Situated in southwest Utah, Zion National Park is the home of some very diverse hiking trails. Whether you prefer easy, moderate, or strenuous hikes, you will find a backpacking adventure that will create a lifetime of memories to enjoy for years to come. Here are some of the top trails to consider when visiting Zion National Park.
Difficulty rating: Easy
Canyon Overlook – One of the reasons that this hike is so popular today is because of the breathtaking panoramas that you will encounter. It is only a mile roundtrip with a 100-foot change in elevation. Each and every step will be worth it.
Kayenta Trail – Another one of the more popular hikes in Zion National Park, the trail is situated against the park’s west wall between Big Bend and the Emerald Pools. Although this is not a difficult nor lengthy trail (0.89 miles long), it links many of Zion’s trails together.
Difficulty rating: Moderate
Emerald Pool (Middle) – The trail (2 miles) starts at the same trailhead as the one used for the Lower Pool. The difference is that it climbs higher up the slope and provides you with vistas of the Zion waterway. The streams out of Behunin Canyon and Heaps Canyon merge to form the Middle Emerald Pool.
Emerald Pool (Upper) – Of the three Emerald Pool trails, the 3-mile long Upper Pool trail is the pinnacle of the Emerald Pool system in Zion National Park. However, you will climb 250 feet in those 1.5 miles to the Upper Pool. You’ll need to be able to handle some scrabbling and stream crossing on this one.

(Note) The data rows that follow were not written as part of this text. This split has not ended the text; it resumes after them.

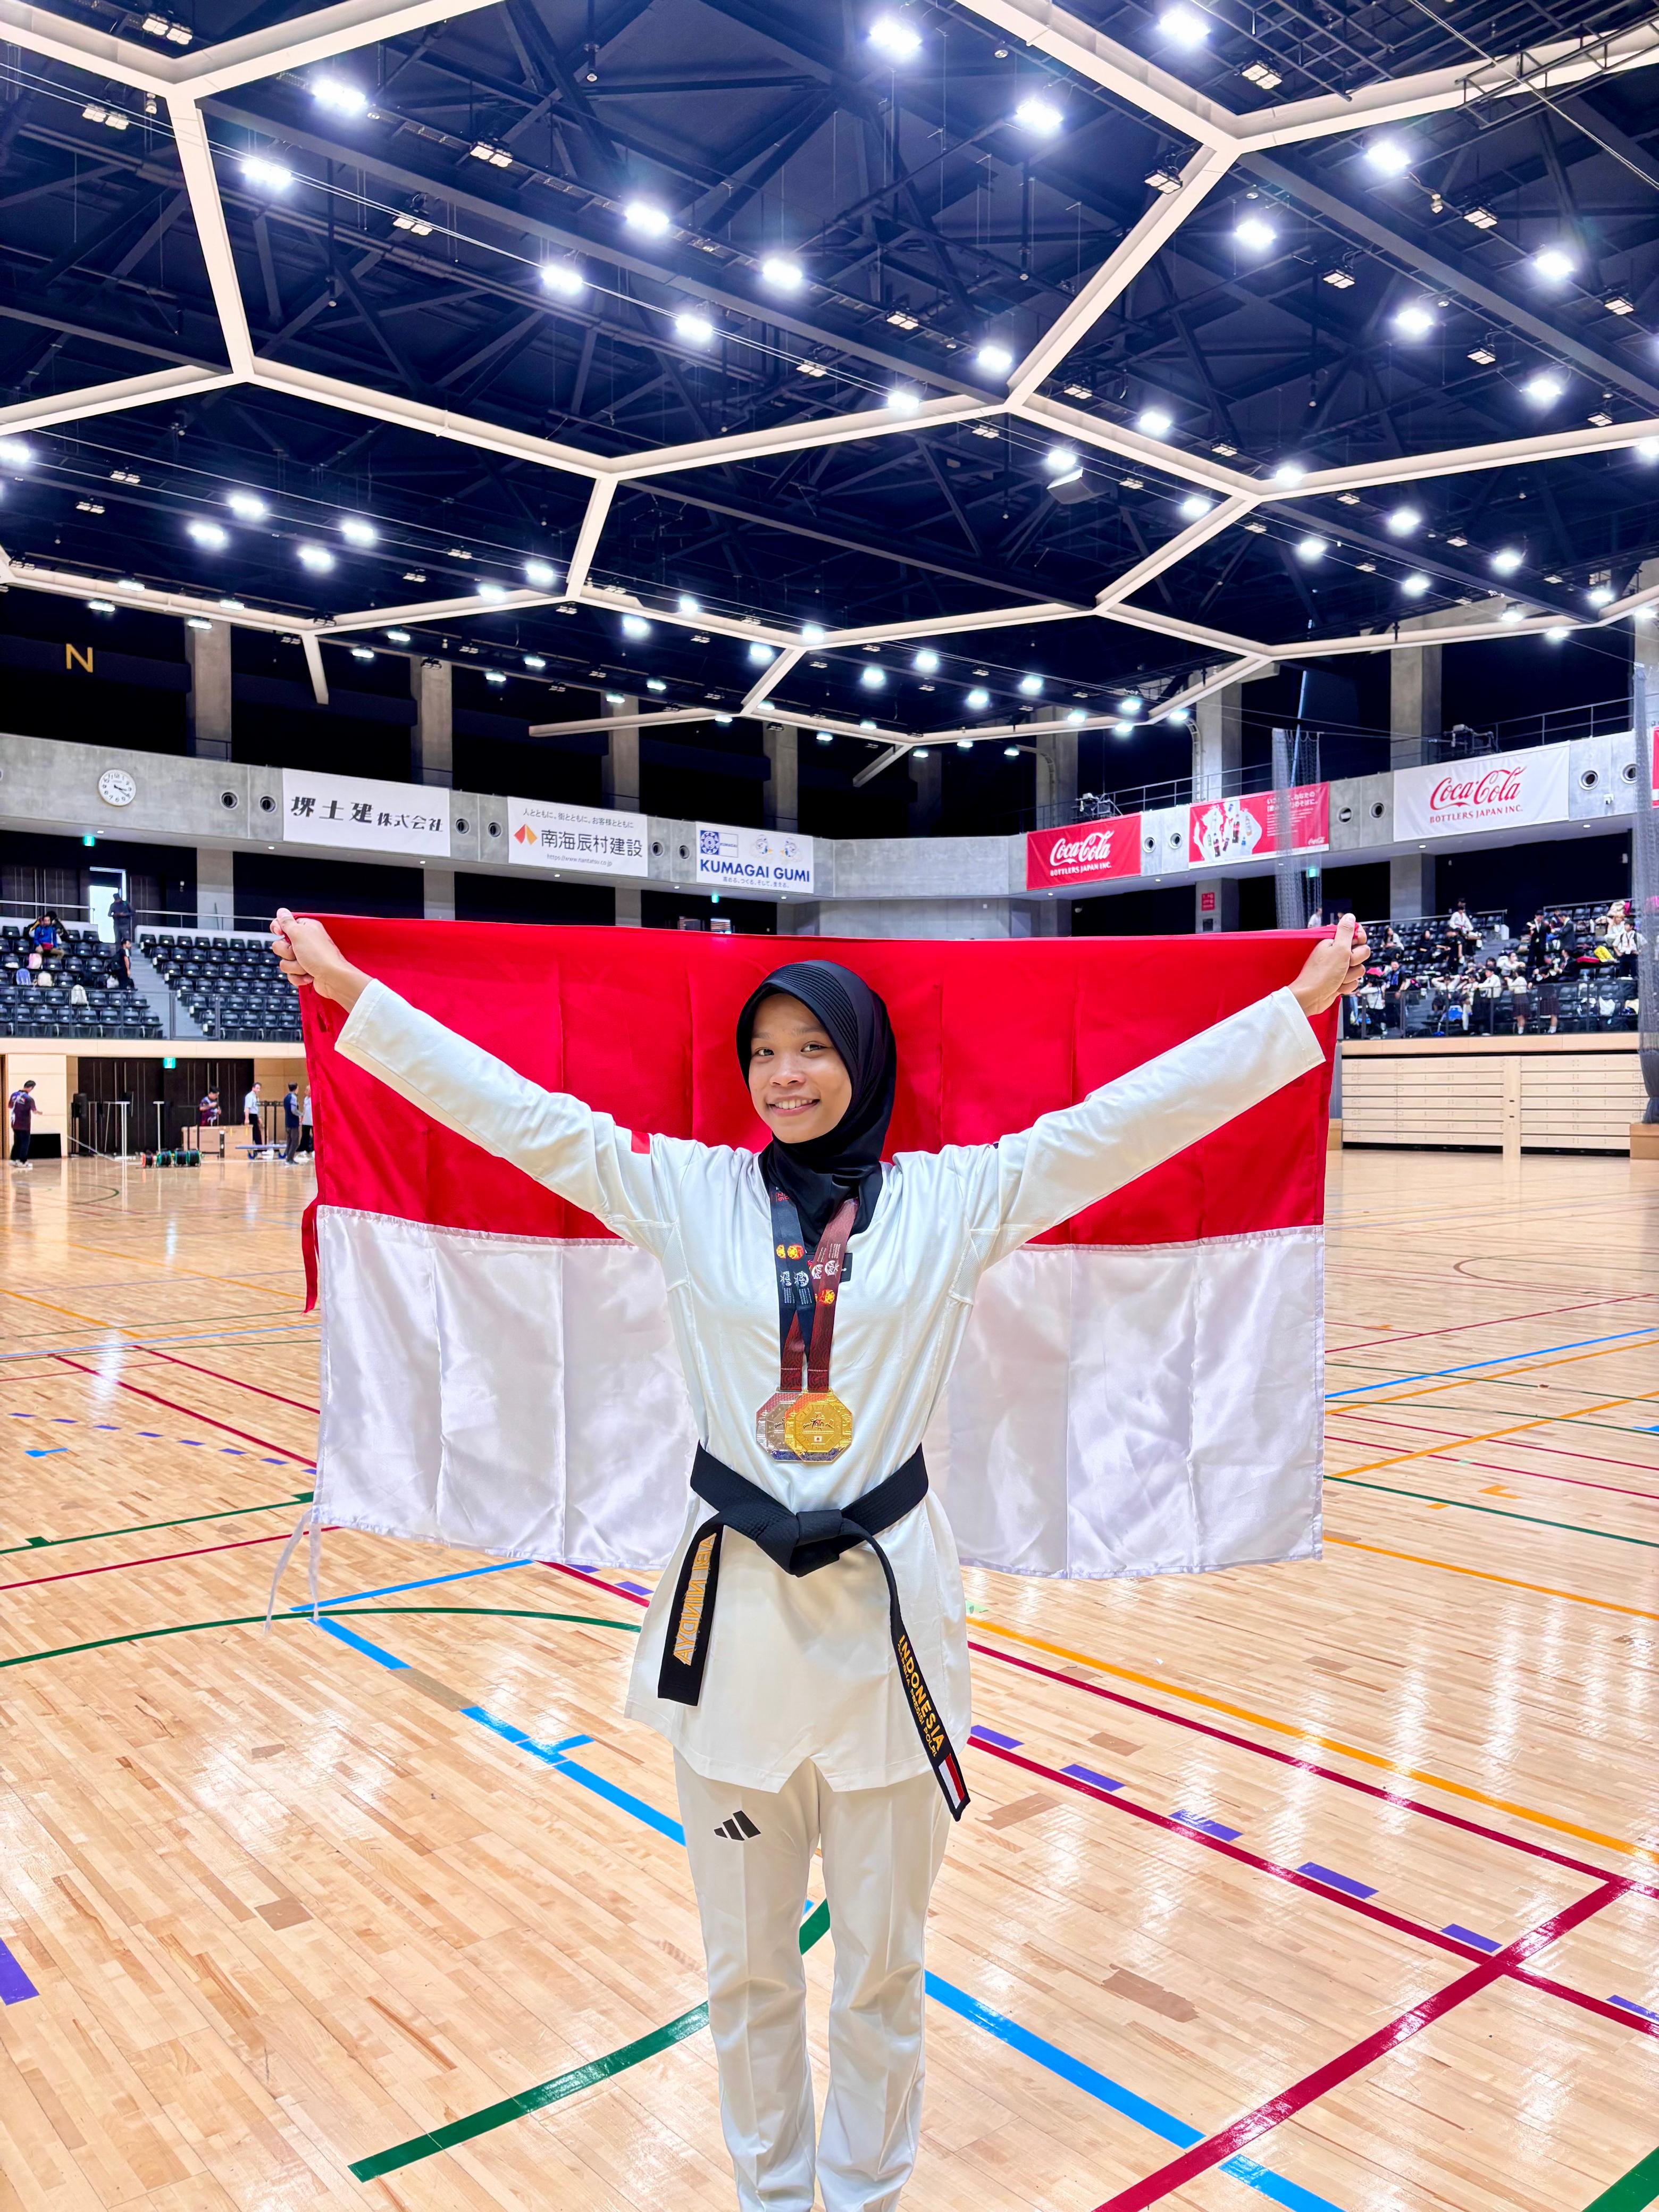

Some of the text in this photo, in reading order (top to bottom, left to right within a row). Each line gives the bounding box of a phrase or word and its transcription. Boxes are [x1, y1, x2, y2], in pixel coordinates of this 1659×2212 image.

[66, 643, 93, 673] N
[1430, 805, 1523, 824] BOTTLERS JAPAN INC.
[541, 830, 643, 857] 南海辰村建設
[700, 859, 810, 883] KUMAGAI GUMI
[1050, 866, 1080, 876] BOTTLERS
[1080, 863, 1099, 874] JAPAN
[899, 1635, 944, 1751] INDONESIA
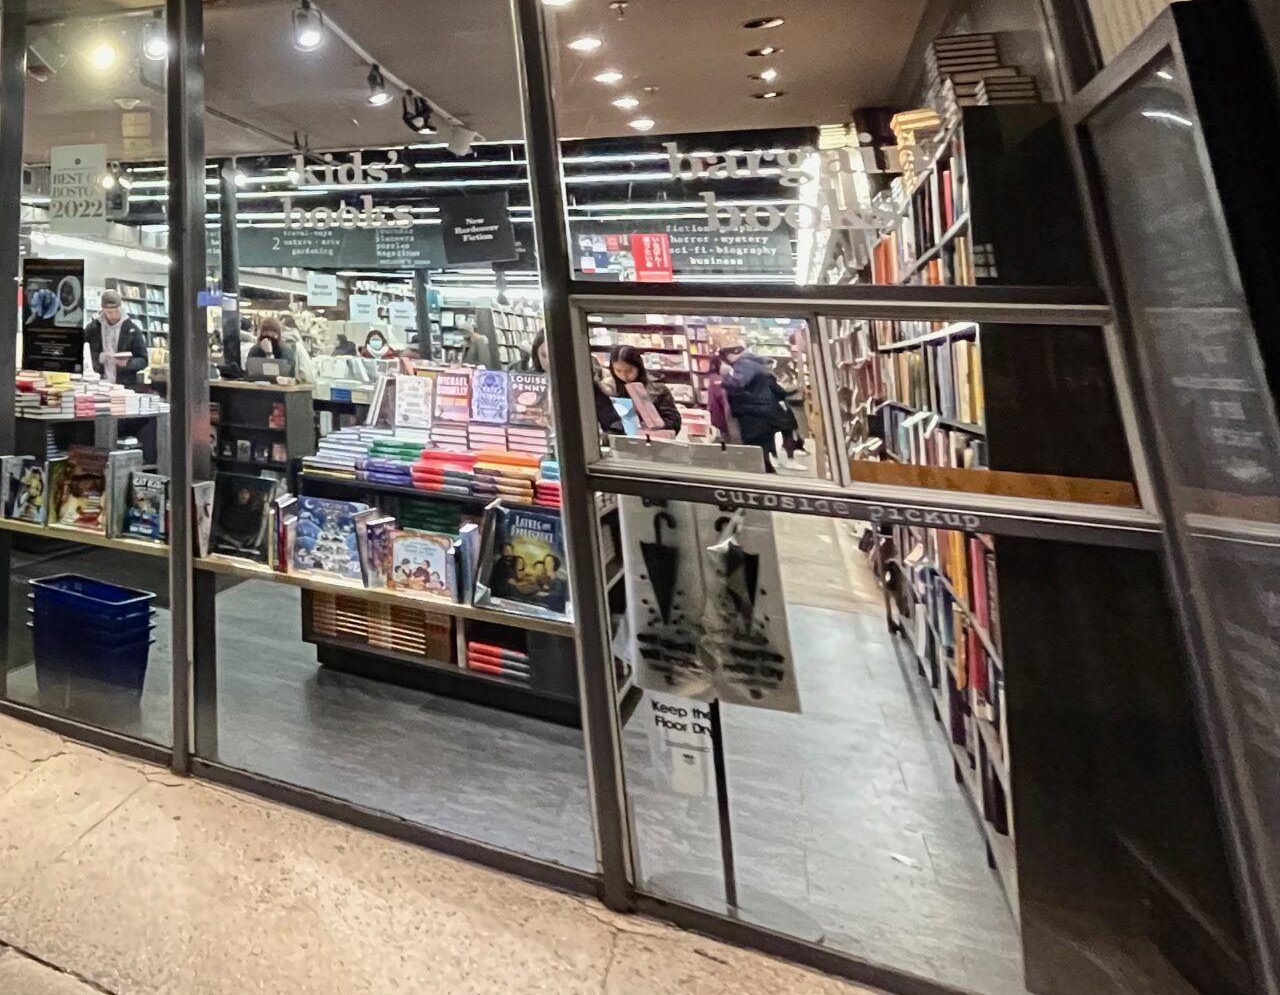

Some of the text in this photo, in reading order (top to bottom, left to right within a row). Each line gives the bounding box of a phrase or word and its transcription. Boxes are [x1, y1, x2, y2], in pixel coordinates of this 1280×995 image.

Difficulty rating: Strenuous
Angels Landing – This 5-mile hike is not for those affected by Vertigo or for the squeamish. The trail is not “Iron-Man” strenuous but it is hard, which is probably why so many visitors take on the challenge. In 2.5 miles the elevation changes 1,488 feet. A word of caution – do not hike Angels Landing during thunderstorms as lightning strikes are very common all along the trail.
Mineral Gulch – This 16-mile trail takes you through one of the most pristine areas in Zion National Park’s eastern edge. It follows a narrow canyon with year-round flowing water, meanders past two waterfalls, and traverses across two natural arches. The reward is at the end where the trail ends at a massive wall decorated with ancient petro glyphs. You can do this hike as a 1-day marathon or make an overnight backpack trip out of it. One way or the other, you won’t be disappointed.